- Parent company: Time S.p.A.
- Founded: 1984; 41 years ago
- Founder: Giacomo Maiolini
- Distributor(s): Discomagic Records (1984–1996); Self Distribuzione (1996–present);
- Genre: Various
- Country of origin: Italy
- Location: Brescia
- Official website: timerec.it

= Time Records =

Italian record label

Time Records is an Italian record company and label from Brescia founded by Giacomo Maiolini in the fall of 1984, teaming up with the duo Farina-Crivellente as the art producers. Except for a few of the early releases, it became a label distributed by Disco Magic and also a partner, until 1996, when Maiolini moved to start Self Distribuzione.

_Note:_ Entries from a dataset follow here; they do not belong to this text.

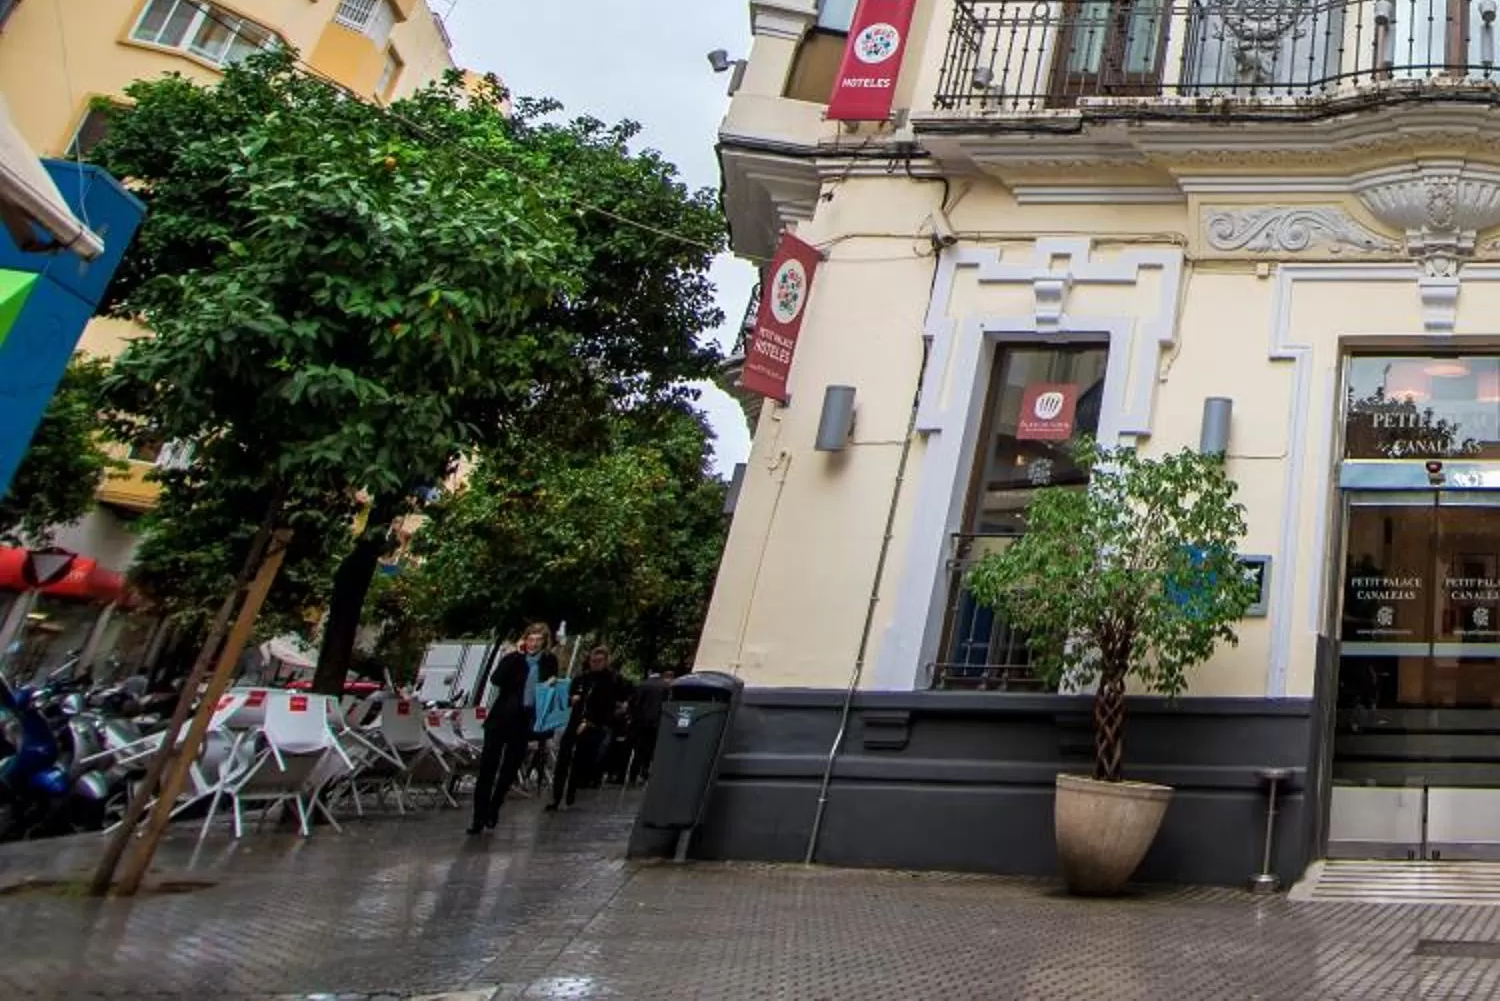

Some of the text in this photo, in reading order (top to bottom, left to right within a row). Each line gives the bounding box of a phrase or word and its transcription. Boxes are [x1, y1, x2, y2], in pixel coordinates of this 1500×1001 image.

[841, 78, 891, 88] HOTELES
[753, 339, 789, 364] HOTELES
[1394, 438, 1483, 455] CANALAS
[1351, 577, 1422, 588] PETIT PALACE
[1446, 577, 1477, 588] PETIT
[1357, 590, 1417, 600] CANALEJAS
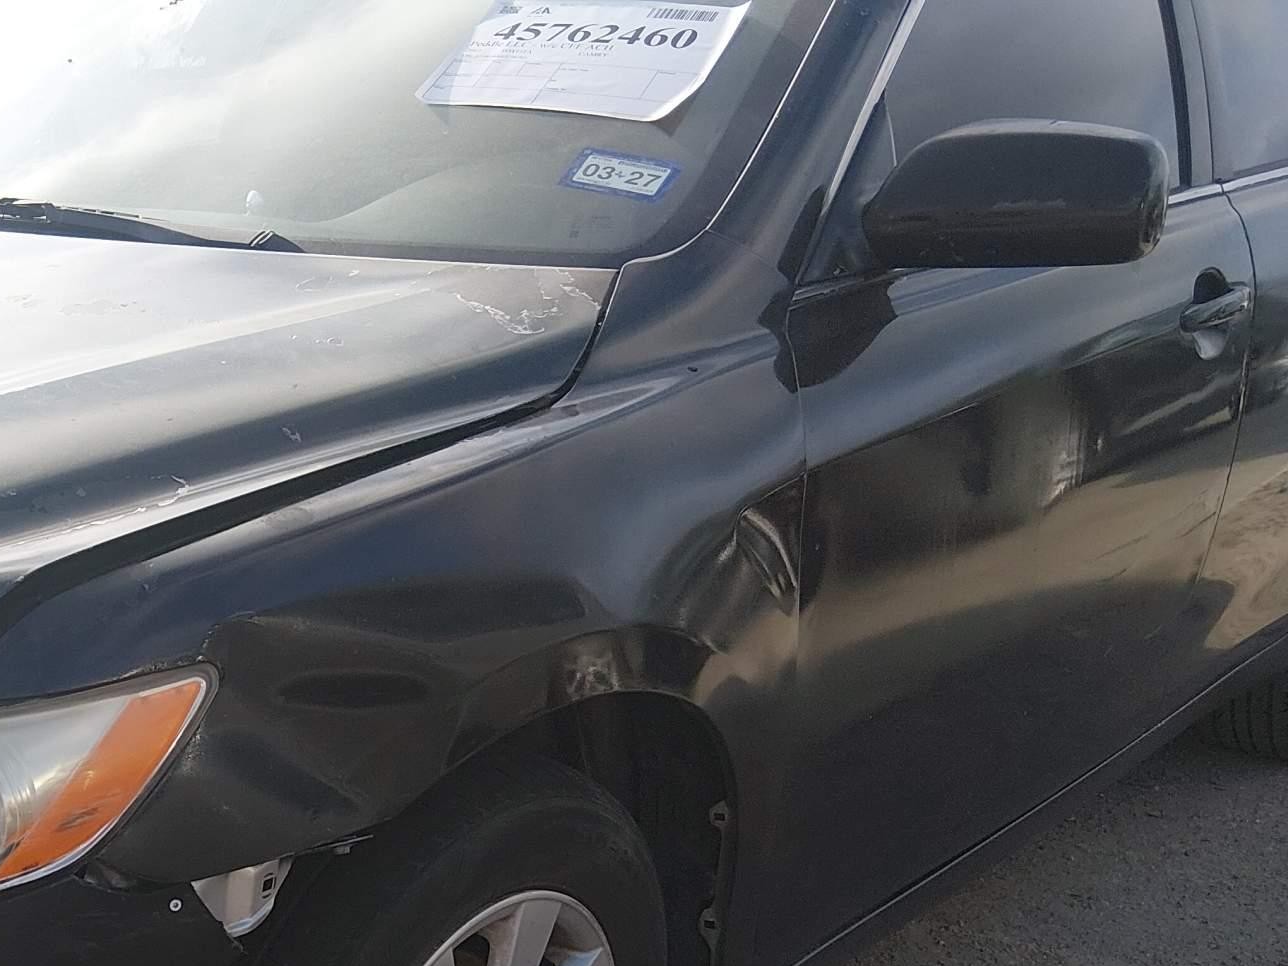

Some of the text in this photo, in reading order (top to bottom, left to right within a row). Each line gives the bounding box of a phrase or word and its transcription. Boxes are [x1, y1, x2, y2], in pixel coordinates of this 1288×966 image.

[493, 22, 698, 49] 45762460
[582, 163, 616, 180] 03
[624, 171, 662, 187] 27
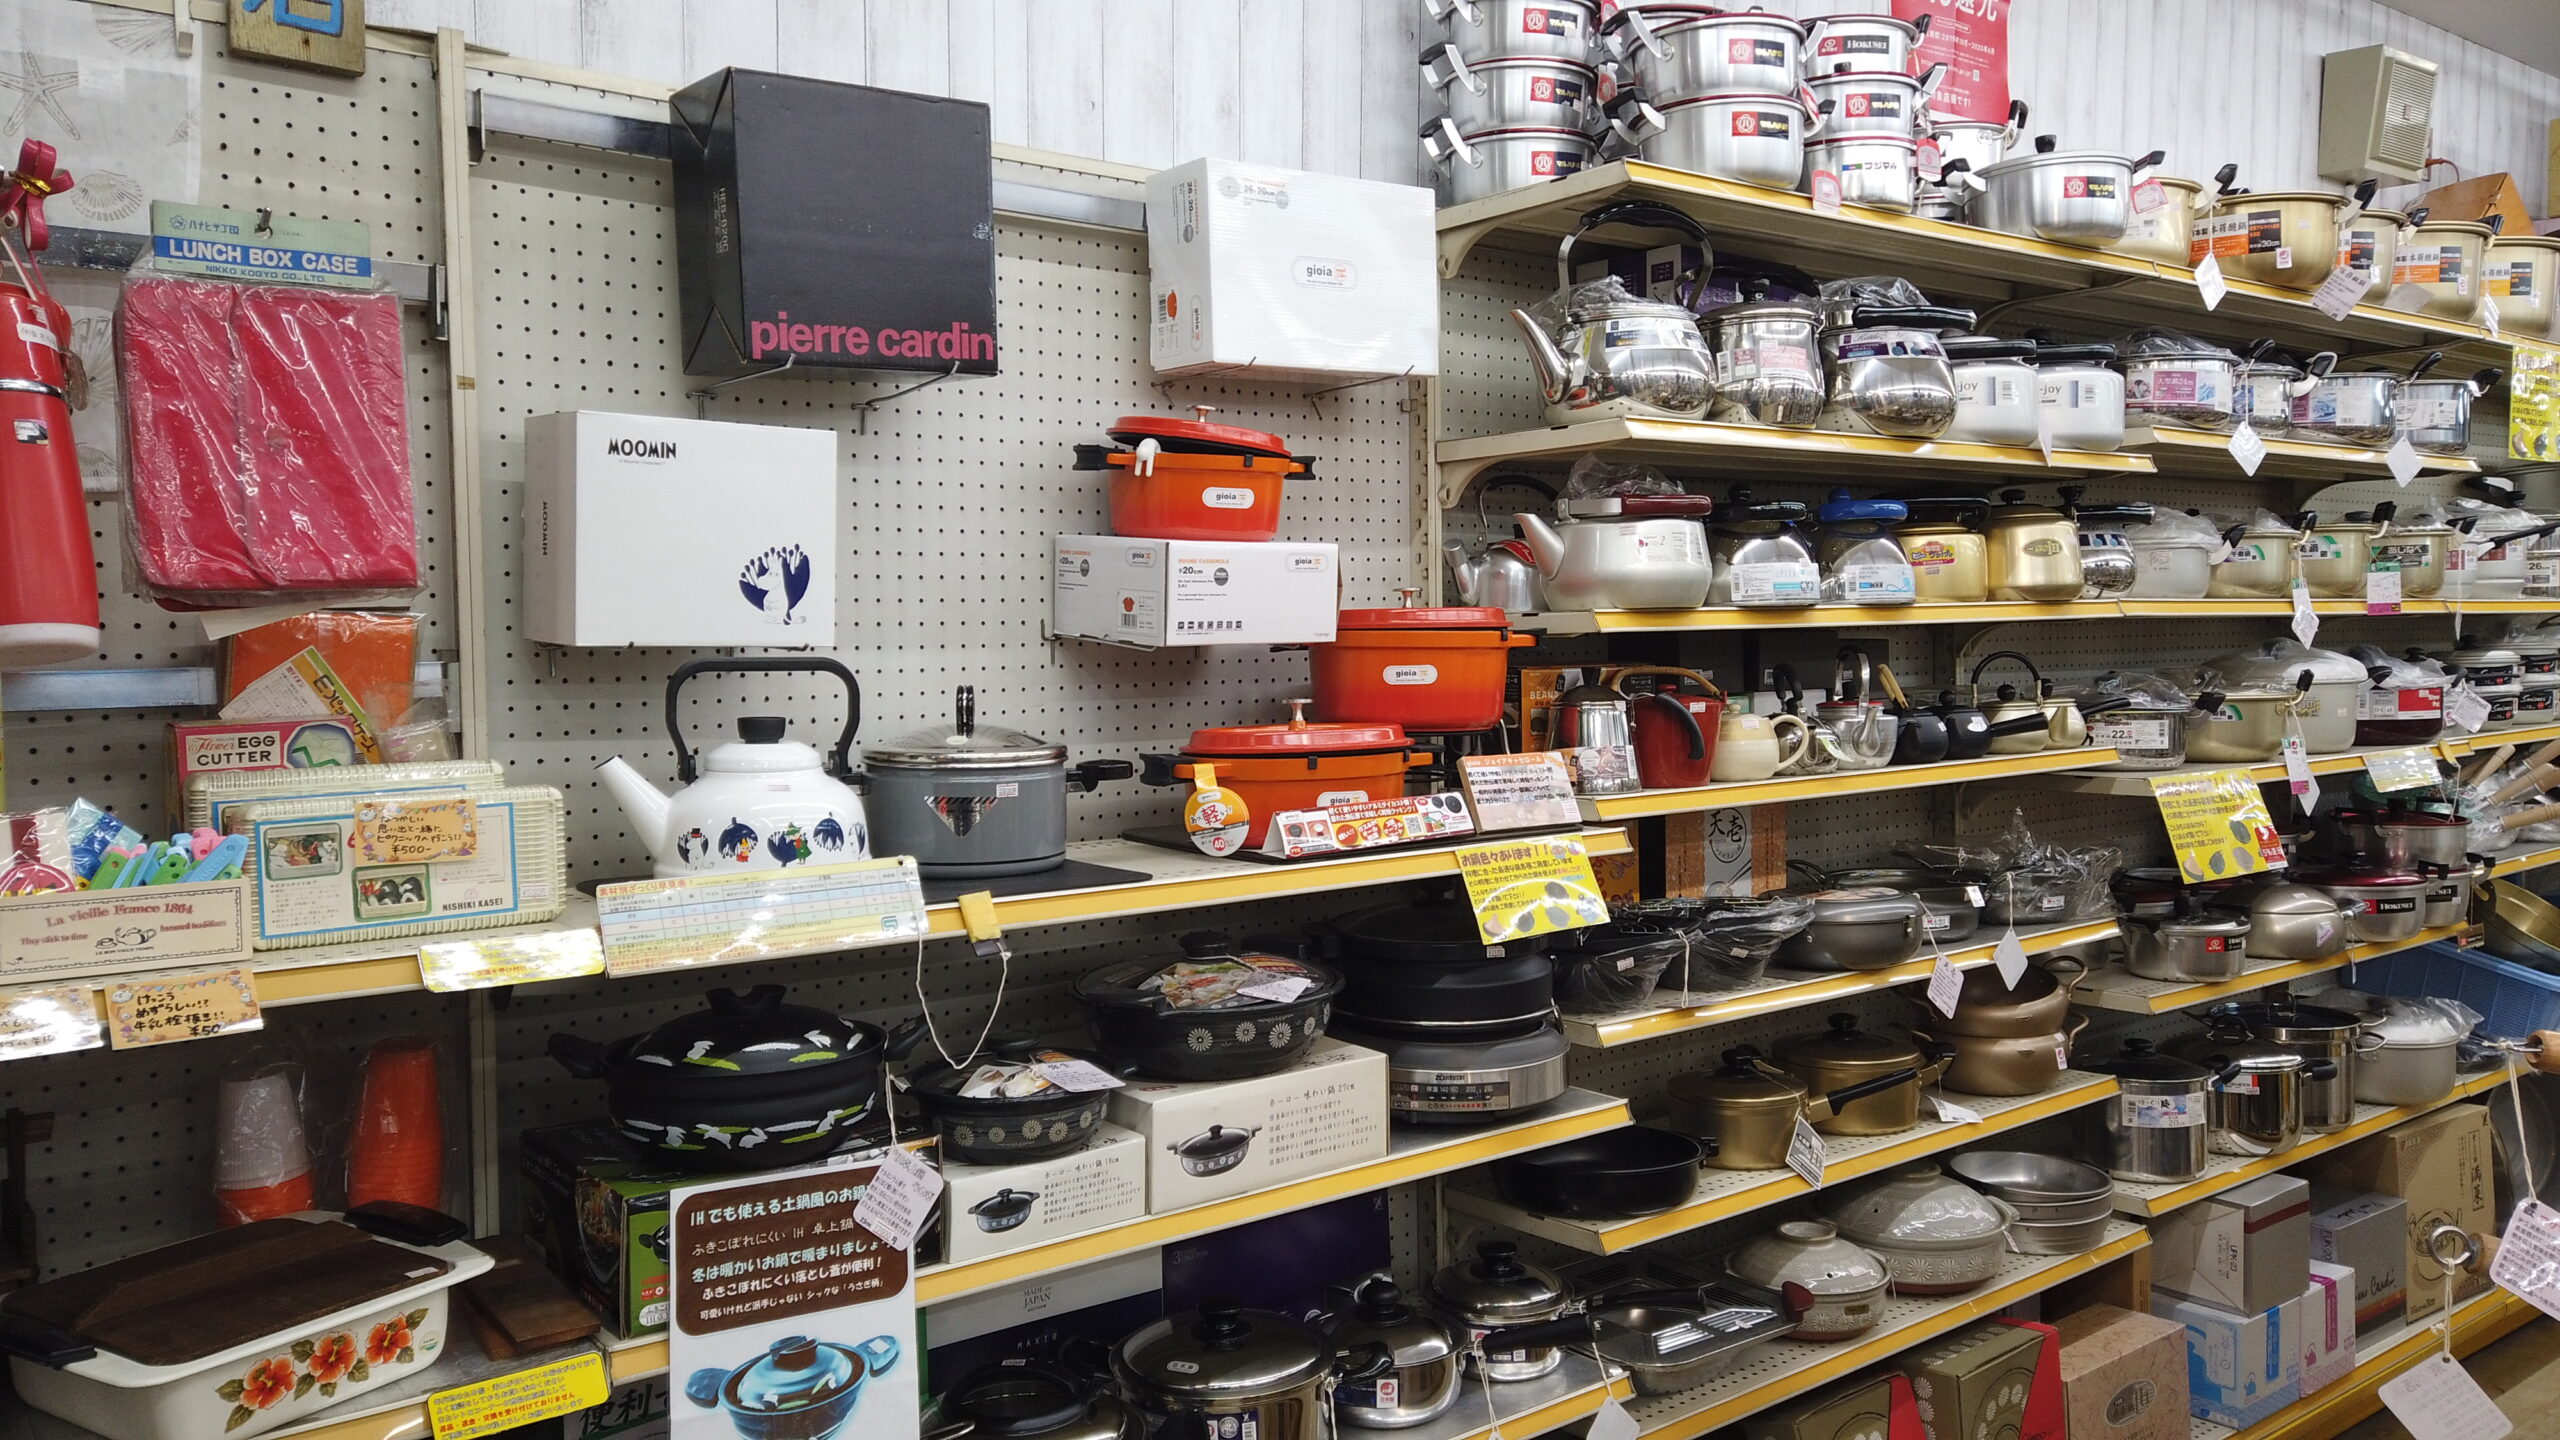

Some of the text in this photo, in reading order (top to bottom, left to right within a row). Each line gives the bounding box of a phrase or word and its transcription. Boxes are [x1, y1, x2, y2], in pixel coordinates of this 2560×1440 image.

[1847, 39, 1887, 49] HOKUSEI
[1864, 161, 1897, 170] フジマル
[169, 238, 359, 275] LUNCH BOX CASE
[205, 264, 237, 276] NIKKO
[1307, 264, 1333, 277] gioia
[751, 311, 994, 361] pierre cardin
[607, 437, 677, 460] MOOMIN
[1215, 492, 1237, 504] gioia
[1131, 552, 1144, 560] gioia
[1294, 557, 1312, 566] gioia
[1395, 669, 1417, 679] gioia
[237, 735, 276, 749] EGG
[196, 750, 272, 766] CUTTER
[1330, 796, 1351, 806] gioia
[379, 815, 424, 823] なつかしい
[377, 824, 442, 834] 思い出と一緒に
[1213, 839, 1225, 848] 40
[442, 898, 504, 912] NISHIKI KASEI
[2380, 902, 2413, 911] HOKUSEI
[46, 902, 194, 928] La vieille France 1864
[137, 992, 175, 1006] けっこう
[189, 1024, 221, 1036] ¥50
[1338, 1083, 1355, 1093] 27cm
[690, 1211, 705, 1227] IH
[710, 1185, 870, 1225] でも使える土鍋風のお鍋
[792, 1228, 804, 1239] IH
[811, 1218, 854, 1236] 卓上鍋
[1023, 1287, 1044, 1298] MADE
[700, 1292, 803, 1321] 可愛いけれど派手じゃない
[1023, 1292, 1052, 1309] JAPAN
[439, 1391, 575, 1433] 返品・返金・交換を受け付けておりません

Time Records rose to become one of the most prominent Italo dance labels from the middle of the eighties to the end of the decade.

Main artists are Atrium, Danny Keith, Riky Maltese, Aleph, Alan Barry, Virgin, Gipsy & Queen, De Niro, and Sophie. The label also gathered some Italo 'old glories' as Fred Ventura, Albert One, Jock Hattle, Stylóo (who all started under the Turatti-Chieregato production), and others like Rudy & Co., Max Coveri, Rose, Topo & Roby, and Silver Pozzoli.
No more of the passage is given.